Tuesday, June 21, 2011

Italian Americans are the fourth largest European ethnic group in the United States, which makes them the fifth largest ethnic group, with Argentina and Brazil having the second largest Italian population in the world. From 1890 to 1900, more than 600,000 Italian immigrants arrived in the United States looking for freedom and a chance to be successful. Many of these European immigrants hoped to earn enough money to return home and buy their own piece of land.  Most Italians arrived with little cash and almost no education since they were farmers back in Italy. For this reason, Italians brought with them an agrarian culture, along with Catholic, food, and family-based culture. The most important institution in Italian society was the family.

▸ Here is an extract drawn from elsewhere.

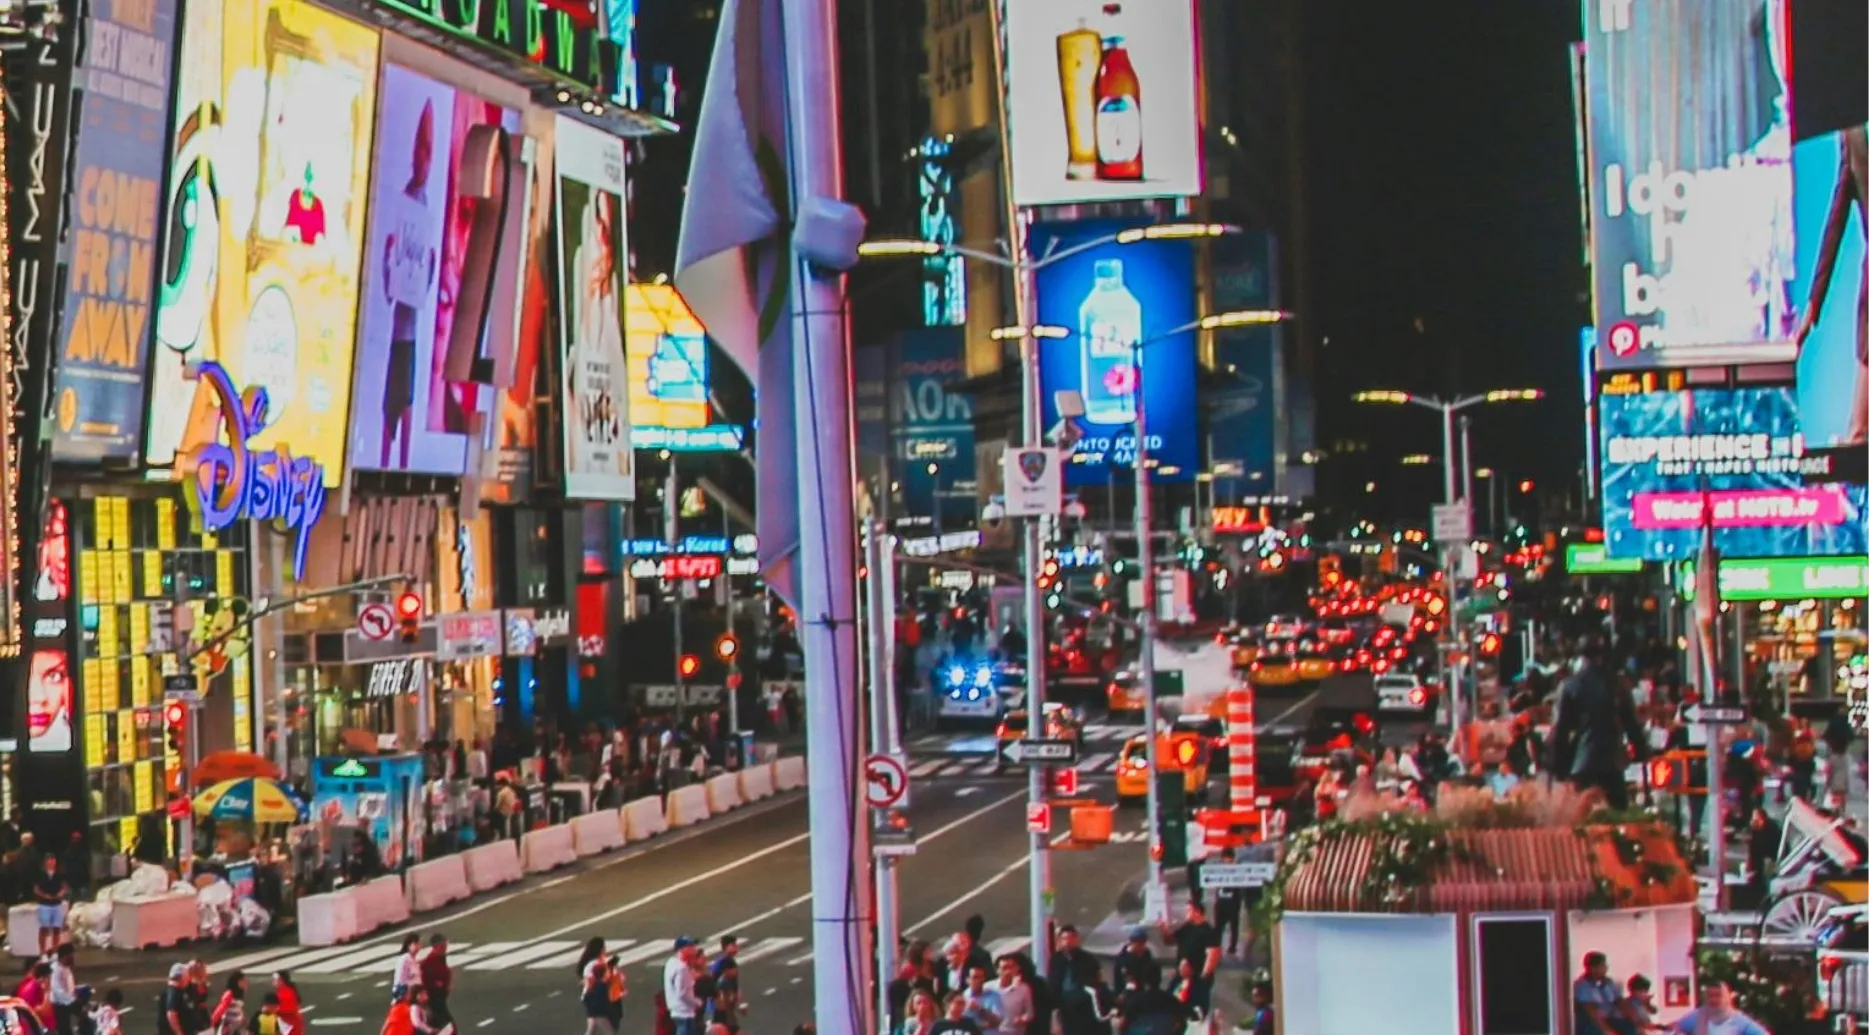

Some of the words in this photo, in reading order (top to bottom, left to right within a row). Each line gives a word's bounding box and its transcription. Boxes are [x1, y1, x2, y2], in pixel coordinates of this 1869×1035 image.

[79, 165, 157, 240] COME
[73, 228, 152, 305] FROM
[65, 296, 147, 368] AWAY
[1608, 433, 1770, 464] EXPERIENCE

        Social life increased in Italian-American neighborhoods; the language they spoke was not the official Italian, but regional dialects instead. Few could write and read English and Italian. Italian neighborhoods were usually areas with poor sanitation. Furthermore, these immigrants were segregated in what they called Italian neighborhoods which were stereotyped as violent and controlled by the mafia.  By the 1920’s the “Little Italies” grew richer as Italian Americans opened restaurants, groceries, and other small businesses. “Italian immigrants soon became an important element of American urban life. In 1870, New York already had the largest group of Italian residents (2,800), but both New Orleans and San Francisco claimed over 1,500 Italian residents each. By 1910, more than two-thirds of the 500,000 Italians in America’s largest cities lived in New York, while Philadelphia, Chicago, and Boston had all surpassed New Orleans and San Francisco as centers of Italian work and residence.” Encyclopedia of Urban America: The Cities and Suburbs. Santa Barbara: ABC-CLIO, 1998. Credo Reference.

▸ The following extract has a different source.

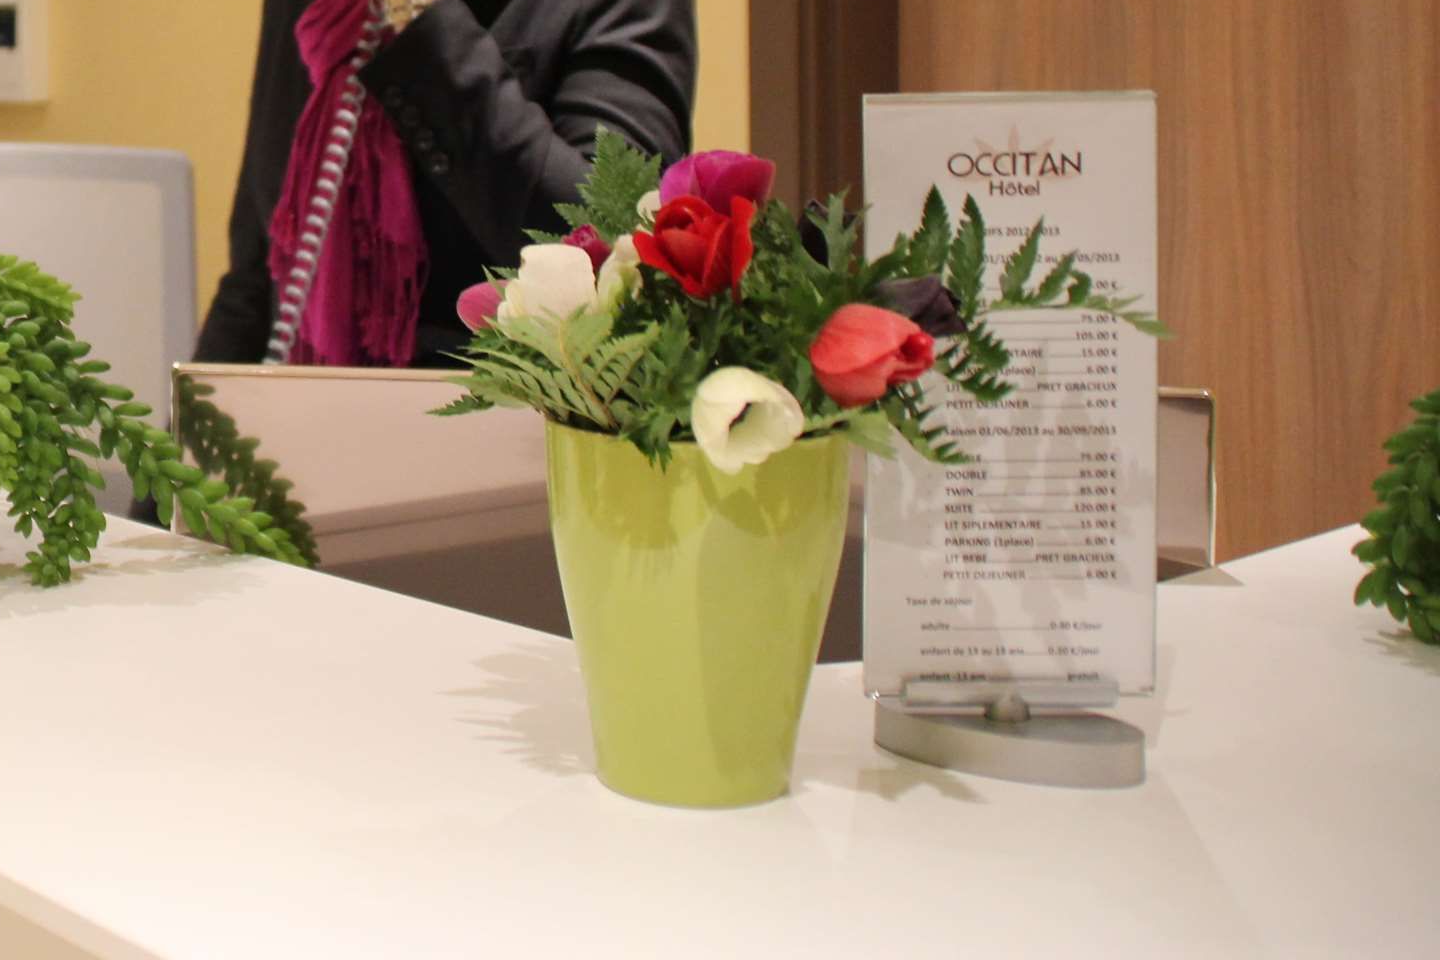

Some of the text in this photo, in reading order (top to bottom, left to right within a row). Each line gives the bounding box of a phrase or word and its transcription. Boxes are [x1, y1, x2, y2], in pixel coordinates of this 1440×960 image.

           Americans viewed Italian immigrants as a despised minority because they were perceived
to be: 
  •   Working class
  • Seemingly resistant to assimilation
  • Clannish
  • Poor
  • Illiterate
  • Had high rates of disease
·         Criminals                                                                                               
Like many other immigrant minority groups, Italian immigrants encountered hostility and conflict in their new homes. Italian-Americans faced systematic discrimination and at times violent force from the dominant groups in America. “The dominant group in America viewed Italian immigrants as racially inferior.” Italian American: The Racializing of an Ethnic Identity (Richards, 1999:158).  This indeed seems to be true considering the way Italian-Americans were treated upon their arrival.  Italian-Americans were discriminated against in the workplace, receiving lower wages than white dominant group members for the same jobs, they were seen as a negative addition to America, and most whites preferred they not have come, and in some instances there was even violence against Italians such as in the case of the eleven Italian-Americans lynched in 1891 (Meyers, 2007:298-299). 
The social boundaries that Italian-Americans encountered were perpetuated by conflict between the dominant group and Italian immigrants.  Being generally poor, Italian immigrants settled into Italian immigrant neighborhoods, and due to pluralism as a result of overall discrimination, they generally married within their own ethnicity.  Assimilation of Italian immigrants was indeed not welcomed thought among the dominant group, and conflict theorists would agree that the power held by the dominant group, as far as money, holdings, held public positions, and length of residence in America placed a barrier around Italian immigrants making assimilation a difficult process. Moreover, after the First World War Italians developed a reputation for becoming criminals. This was mainly due to high-profile criminals such as Al Capone, Slavadore Marazano, Vito Genovese, and Frank Costello. However, the US Department of Justice estimates that less than .0025 percent of Italian Americans have anything to do with organized crime.
These stereotypes are true since I come from an Italian family. When people ask me what is my maiden last name,(Bacigalupo) they automatically relate me to the “Mafia”. I can honestly say I fell a 104% identified with the Italian culture because that is what I am familiar with: the family, the pasta, and being loud when talking at each other. I also identify with the American culture because I have been living here for eight years now, and my husband and children are North American.  The United States mainstream culture is all around the world, and for that reason great part of the world will feel identify with our culture.